En s’appuyant sur ces textes juridiques, les citoyens et les consommateurs pouvaient, dans une certaine mesure, revendiquer la protection de leur anonymat. Les internautes pouvaient ainsi exercer leur volonté de subir (opt-in) ou de ne pas subir (opt-out) de pression publicitaire et commerciale.
Avec les DMP et la collecte de données techniques qui se transforment en informations, voire en connaissances opérationnelles, à l’issue d’un long processus de raffinage, on comprend que les deux lois précédentes sont désormais largement dépassées.
L’anonymat reste garanti sur le papier. Mais comment un internaute peut-il encore exercer sa volonté d’opt-out quand les traces de son navigateur sont enregistrées, à son insu, dans les logs d’un site web ? Comment peut-il refuser qu’un logiciel de data mining raffine ses données anonymes ? Nous sommes là sur des questions ouvertes où la technique ne fournit pas de réponse simple et immédiate. En revanche, les éléments de réponse seront vraisemblablement fournis par une confrontation plus large entre des arguments techniques, juridiques, commerciaux et éthiques.
Peut-on encore être anonyme ?
Tout dépend de ce que l’on met derrière ce mot. Si un internaute veut être anonyme au sens de « caché, mystérieux, inconnu, occulte, masqué », il lui suffit d’utiliser des outils de masquage (tel que le navigateur Tor, par exemple). Mais, en ce cas, il devra également accepter de ne pas faire ses courses en ligne et de ne pas écrire ses opinions sur son compte Facebook.
En revanche, si un internaute souhaite être anonyme au sens de « personne banale, sans originalité, neutre », il lui suffit de faire profil bas et d’adopter un comportement le plus banal possible. Il devra alors utiliser un microordinateur vendu en très grande quantité, utiliser un navigateur banal avec des polices de caractère usuelles et charger peu de plug-in, etc. C’est le prix à payer pour parvenir à échapper aux radars du marketing des annonceurs.
Pour vivre heureux, faut-il vivre caché ? Ou bien suffit-il de vivre de façon banale ? Voilà bien le nouveau dilemme du citoyen ou du consommateur sur le web.
Quelle stratégie « data » pour les annonceurs ?

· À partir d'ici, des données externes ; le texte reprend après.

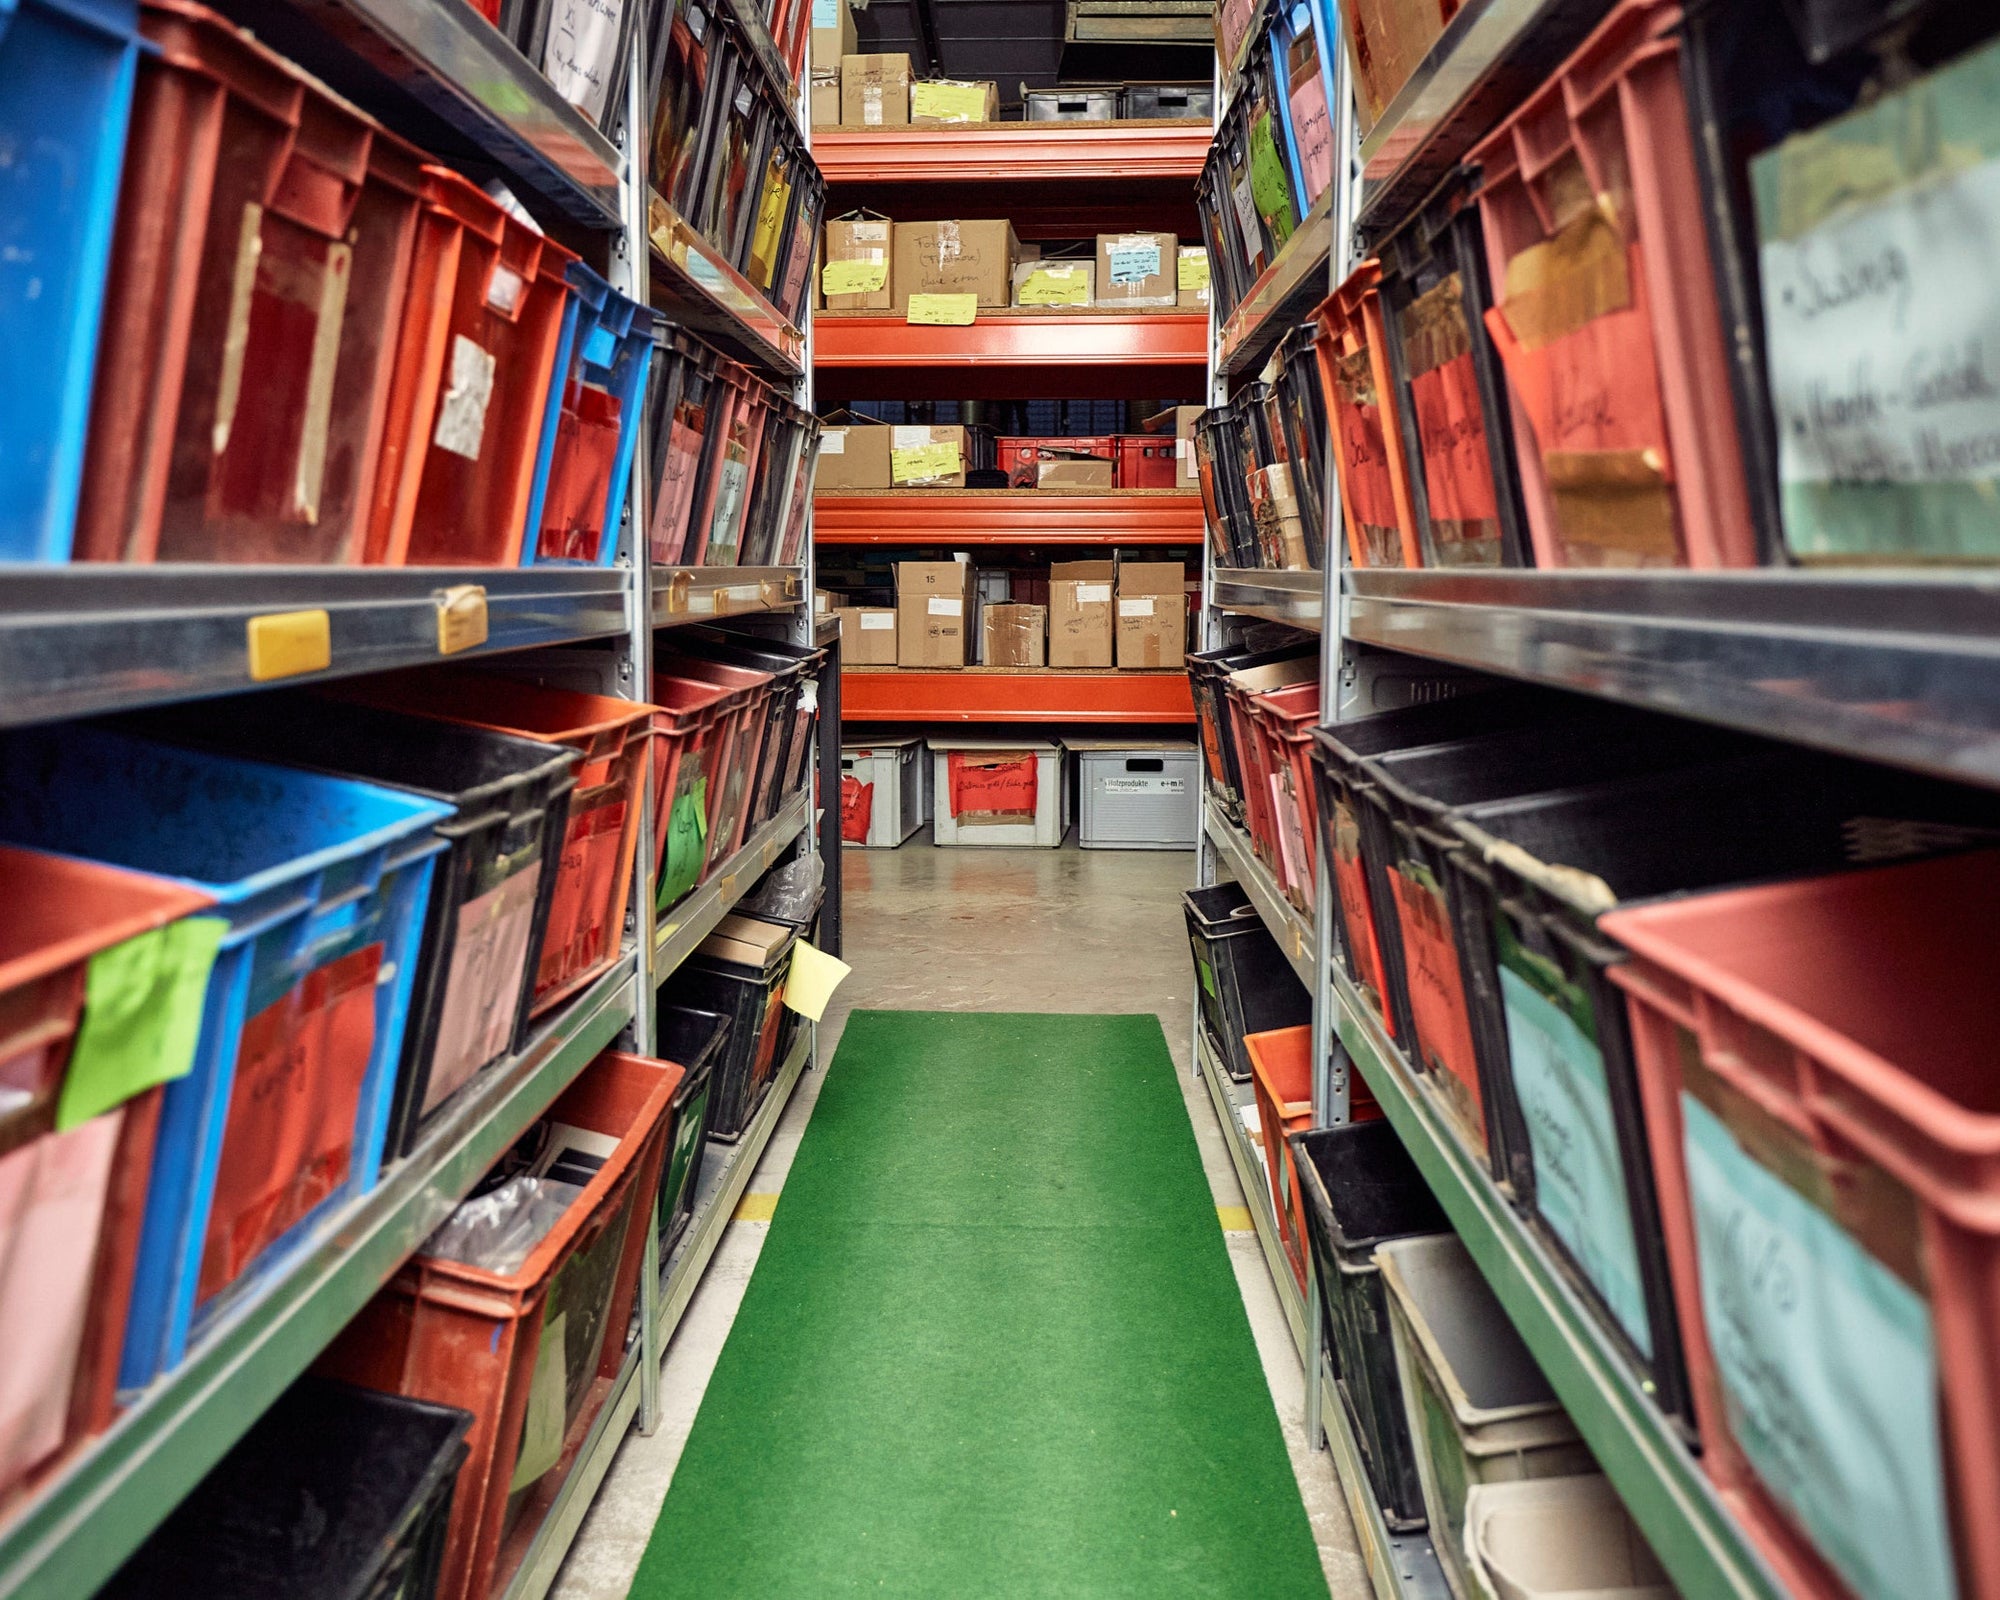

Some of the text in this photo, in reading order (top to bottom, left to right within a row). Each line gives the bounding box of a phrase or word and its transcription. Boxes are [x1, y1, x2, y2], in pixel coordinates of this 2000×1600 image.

[925, 575, 936, 584] 15
[1108, 779, 1149, 788] Holzprodukte
[1160, 780, 1178, 788] e+m

Dans ce nouveau contexte, quelles stratégies « data » peuvent adopter les entreprises qui entendent se développer sur le web ? Tout d’abord, les annonceurs peuvent laisser tomber les 5% de paranos qui se cachent derrière des outils d’anonymisation. Ainsi, les annonceurs pourront concentrer leur effort sur les 95% d’internautes qui ne se cachent pas (soit par excès de confiance, soit par choix assumé).
Ensuite, plutôt que de chercher à conquérir des prospects rétifs qui ne souhaitent pas être dérangés (opt-out), les annonceurs peuvent se concentrer sur leurs clients déjà acquis (opt-in) et les fidéliser en les choyant mieux. Or il est plus facile de chouchouter un client quand on le connaît bien. En ce cas, les DMP constituent une source précieuse de données comportementales à partir desquelles une entreprise commerciale peut développer un profilage hyper-pointu.

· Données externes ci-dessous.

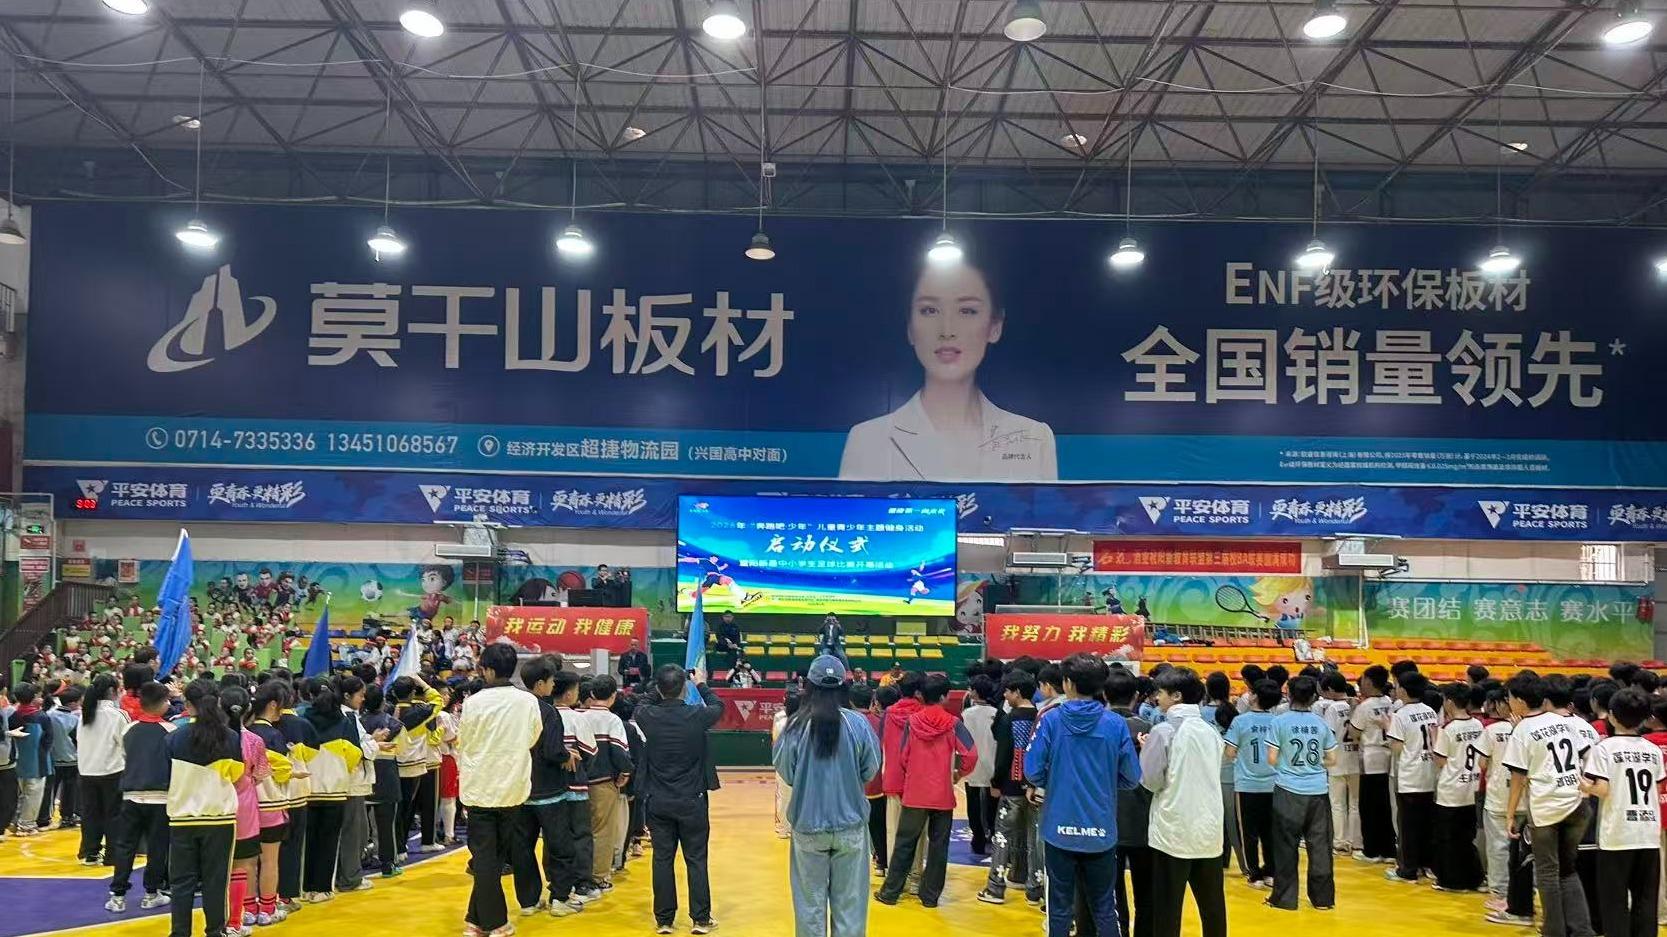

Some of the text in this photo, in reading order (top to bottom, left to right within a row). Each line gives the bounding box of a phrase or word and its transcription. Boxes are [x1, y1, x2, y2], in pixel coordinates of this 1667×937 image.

Enfin, pour une entreprise à la conquête de nouveaux prospects, il vaut mieux séduire que de harceler. Attirer de nouveaux clients avec une carotte est plus efficace qu’avec un bâton. En ce cas, les DMP permettent de modérer la pression publicitaire en ne ciblant que des prospects réceptifs et en évitant les autres. On fera alors de la haute couture et non pas du volume. Cette stratégie ne prend tout son sens que pour des produits ou services à forte marge.
En conclusion, il faut chouchouter son client afin qu’il sorte volontairement de l’anonymat. Et, vice-versa, le client doit sortir de l’anonymat afin de pouvoir mieux le chouchouter.

Glossaire
Adresse MAC : (Media Access Control), Adresse physique qui identifie, de manière unique, une carte d’accès au réseau (Ethernet, Wi-Fi, etc.).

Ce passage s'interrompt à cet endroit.